Researchers have found that people who sleep at least eight hours are more likely to maintain a normal weight than those who sleep less. Now, a new study finds that even for infants and preschoolers, a long night's sleep may be just as important as diet and physical activity. NPR's Patty Neighmond has this report on the study, which appears in the Archives of Pediatrics and Adolescent Medicine.

PATTY NEIGHMOND: Over the last three decades, obesity rates have doubled among children age two to five, and tripled among six- to 11-year-olds. So, Janice Bell wanted to know whether sleep had anything to do with it.

Bell's a researcher at the University of Washington in Seattle. She looked at federal data collected on nearly 2,000 children and compared to those who slept 10 hours or more a night, to those who slept less. She also looked at how much the children weighed over a five-year period. The most striking findings, says Bell, had to do with infants and toddlers. The study appears in the Archives of Pediatrics and Adolescent Medicine.

Ms. JANICE BELL (Researcher, University of Washington in Seattle): They were nearly twice as likely to move from normal weight to overweight; or from overweight to obese, in that five-year period.

NEIGHMOND: Twice as likely to gain weight is a big difference, says Bell, and an important message to parents to help their children get on a routine schedules of a long and solid night's sleep. Especially, she says, because napping during the day did not reduce the risk that these kids would gain weight.

Ms. BELL: We found that their napping didn't have any effect on their later obesity, whereas the nighttime sleep was significant. So, that led us to conclude that napping didn't seem to be a substitute for a nighttime sleep in terms of obesity prevention.

NEIGHMOND: Bell's study didn't examine why it may be that children who sleep less gain weight - but she has some theories.

Ms. BELL: It may be that children who don't sleep enough at night are too tired to engage in the kind of physical activity that may prevent obesity. It could also be that there's a relationships between appetite hormones and later obesity. We know that that relationship between appetite hormones and sleep exists in adults.

NEIGHMOND: And in adults, one sleep expert who's studied the relationship between sleep deprivation and appetite is Dr.

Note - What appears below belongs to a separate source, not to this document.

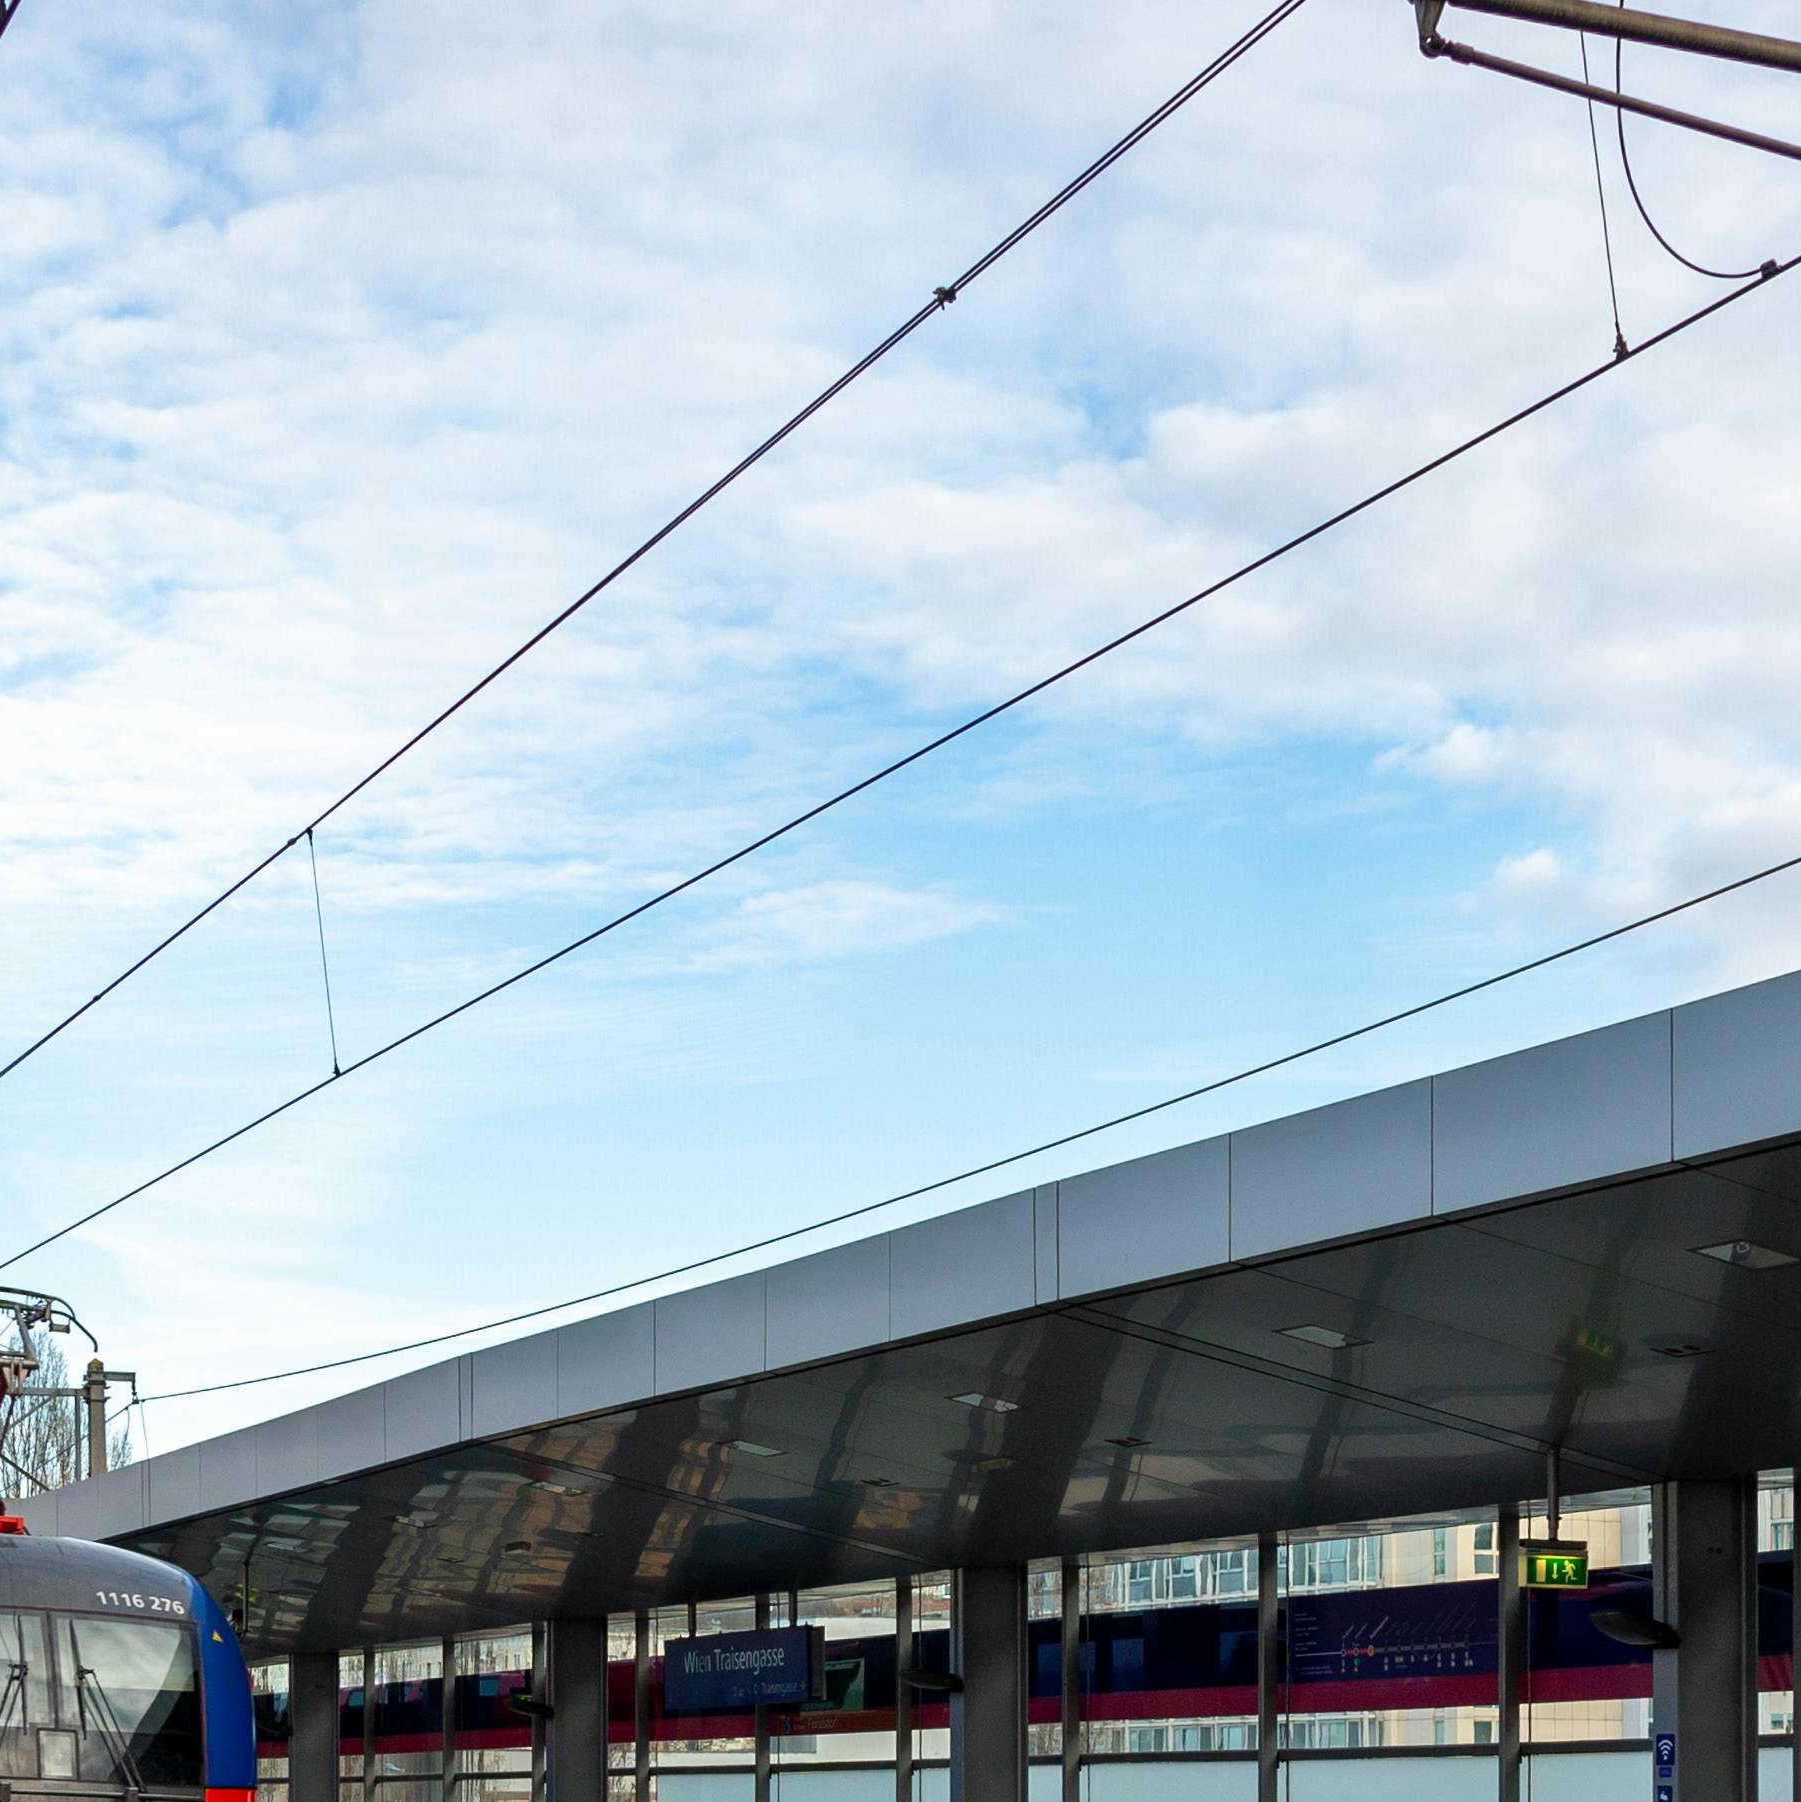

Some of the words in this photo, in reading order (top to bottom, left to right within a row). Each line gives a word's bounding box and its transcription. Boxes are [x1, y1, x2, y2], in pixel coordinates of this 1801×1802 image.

Emmanuel Mignot, who directs the Center for Sleep Sciences and Medicine at Stanford University.

Dr. EMMANUEL MIGNOT (Director, Center for Sleep Sciences and Medicine, Stanford University): If you start to sleep less, there are certain hormones, such as leptin or ghrelin that change in your blood in a way that stimulates your appetite.

NEIGHMOND: And makes you crave unhealthy foods.

Mr. MIGNOT: In fact, in one study, they compare snack food versus other type of foods, and they found that when you are sleep deprived, you seem to prefer snack food, as opposed to healthy food.

NEIGHMOND: And one reason naps may not work, says Mignot, is because daytime sleep in qualitatively different.

Mr. MIGNOT: Sleep is better during the night. In fact, body temperature already drops so that, in fact, the sleep that we have at night, even in adults, is always more restorative, deeper, than if you try to sleep during the day.

NEIGHMOND: On average, Mignot says, children up to age five need at least 10 hours of sleep a night. Infants and young toddlers, of course, need even more.